DIRECTIONS:
The entries are to be returned exactly, with images left out.

Collected data:
───

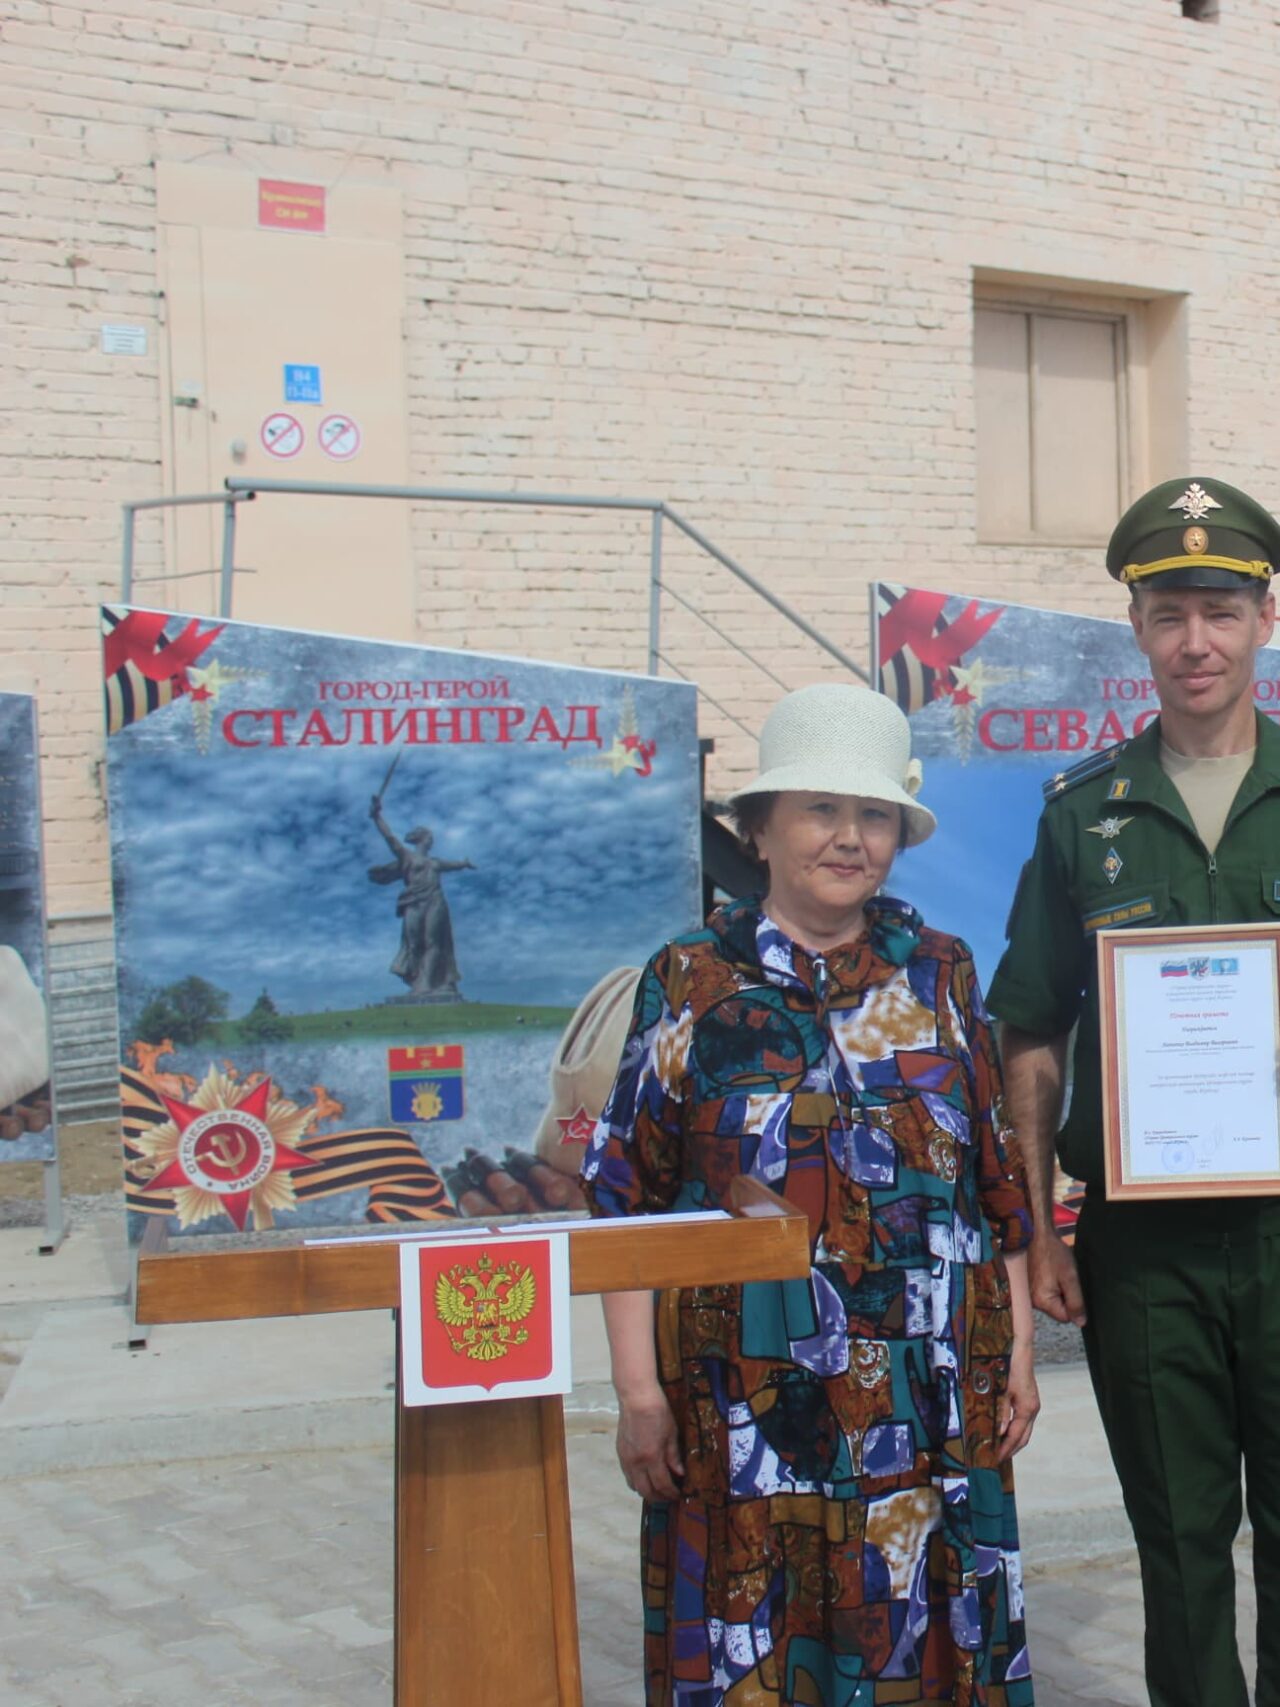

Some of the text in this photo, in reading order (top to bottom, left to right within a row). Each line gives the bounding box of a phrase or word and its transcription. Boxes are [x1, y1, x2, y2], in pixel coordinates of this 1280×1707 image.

[319, 675, 510, 704] ГОРОД-ГЕРОЙ
[221, 705, 603, 750] СТАЛИНГРАД
[183, 1113, 271, 1174] ОТЕЧЕСТВЕННАЯ
[228, 1154, 271, 1190] ВОЙНА

───

ANSWER TO THIS TASK:
Some of the text in this photo, in reading order (top to bottom, left to right within a row). Each line gives the bounding box of a phrase or word and its transcription. Boxes are [x1, y1, x2, y2], in pixel coordinates of this 1280×1707 image.

[319, 675, 510, 704] ГОРОД-ГЕРОЙ
[221, 705, 603, 750] СТАЛИНГРАД
[183, 1113, 271, 1174] ОТЕЧЕСТВЕННАЯ
[228, 1154, 271, 1190] ВОЙНА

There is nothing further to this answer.